Australia lowers Great Barrier Reef outlook to 'very poor'
CGTN
[]

The government agency that manages Australia's Great Barrier Reef has downgraded its outlook for the corals' condition from "poor" to "very poor" due to warming oceans.

The Great Barrier Reef Marine Park Authority's condition report, which is updated every five years, is the latest bad news for the 345,400-square-kilometer colorful coral network off the northeast Australian coast as climate change and coral bleaching take their toll.

The report issued on Friday finds the greatest threat to the reef remains climate change. The other threats are associated with coastal development, land-based water runoff and human activity such as illegal fishing.

The report is the agency's third and tracks continuing deterioration since the first in 2009. The deterioration in the reef's outlook mostly reflects the expanding area of coral killed or damaged by coral bleaching.

In this photo taken in 2016, fish swim along the edges of a coral reef off Great Keppel Island in Australia. /AP Photo

In this photo taken in 2016, fish swim along the edges of a coral reef off Great Keppel Island in Australia. /AP Photo

The report said the threats — which include the star-of-thorns starfish that prey on coral polyps — are "multiple, cumulative and increasing."

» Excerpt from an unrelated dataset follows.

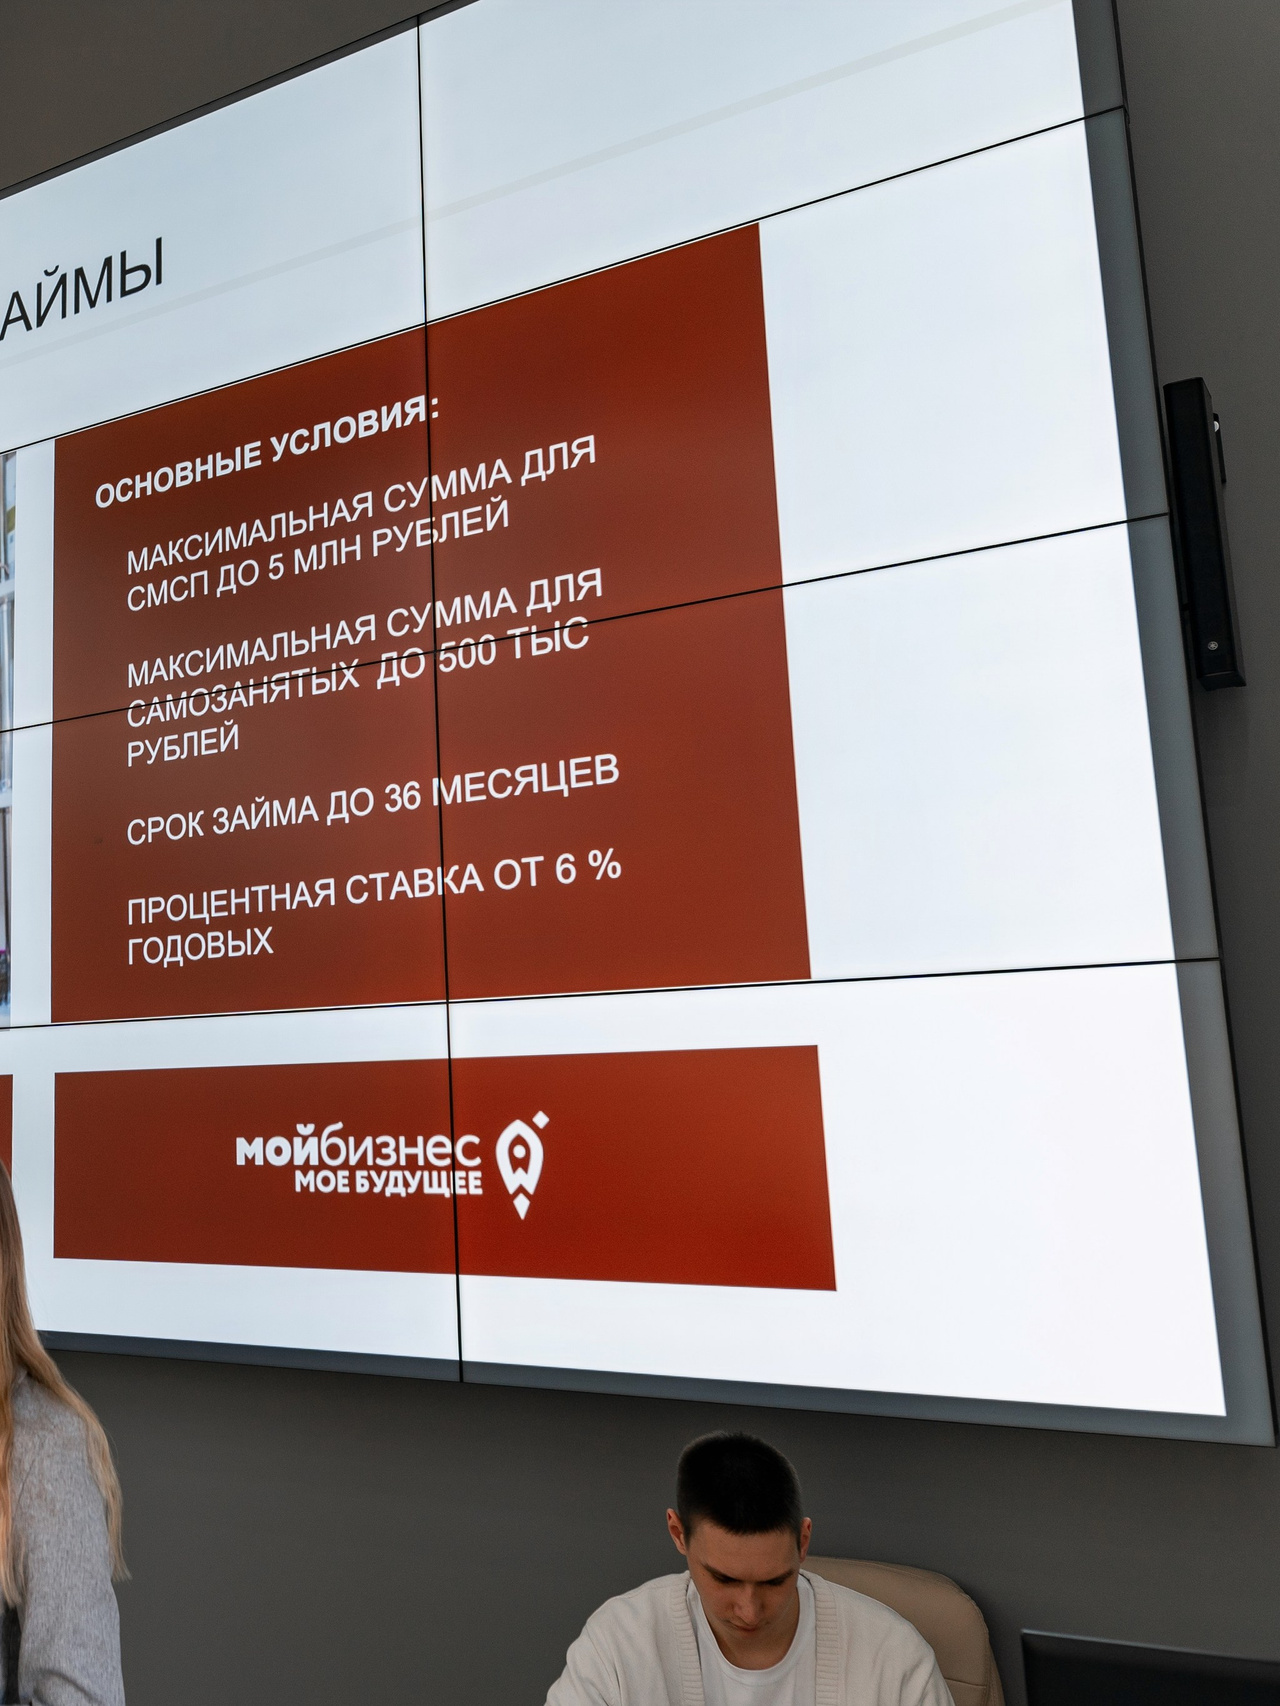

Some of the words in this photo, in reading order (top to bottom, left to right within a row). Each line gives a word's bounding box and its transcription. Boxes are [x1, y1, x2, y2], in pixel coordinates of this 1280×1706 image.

A study of coral bleaching on the reef, published in the journal Nature in 2017, found 91 percent of the coral reef had been bleached at least once during three bleaching events of the past two decades, the most serious event occurring in 2016.

A fourth major bleaching struck later in 2017 after the Nature study was published.

The United Nations' World Heritage Committee expressed concerns over bleaching in 2017 and the report on Thursday could lead to the World Heritage-listed natural wonder being reclassified by UNESCO next year as "in danger."

Environment Minister Sussan Ley said her government was "building resilience in this important global reef" and was keeping its Paris commitment to reduce Australia's greenhouse gas emissions by 26 to 28 percent below 2005 levels by 2030.

While the Great Barrier Reef is the world's largest coral reef system, reefs around the world are under stress from warming ocean temperatures.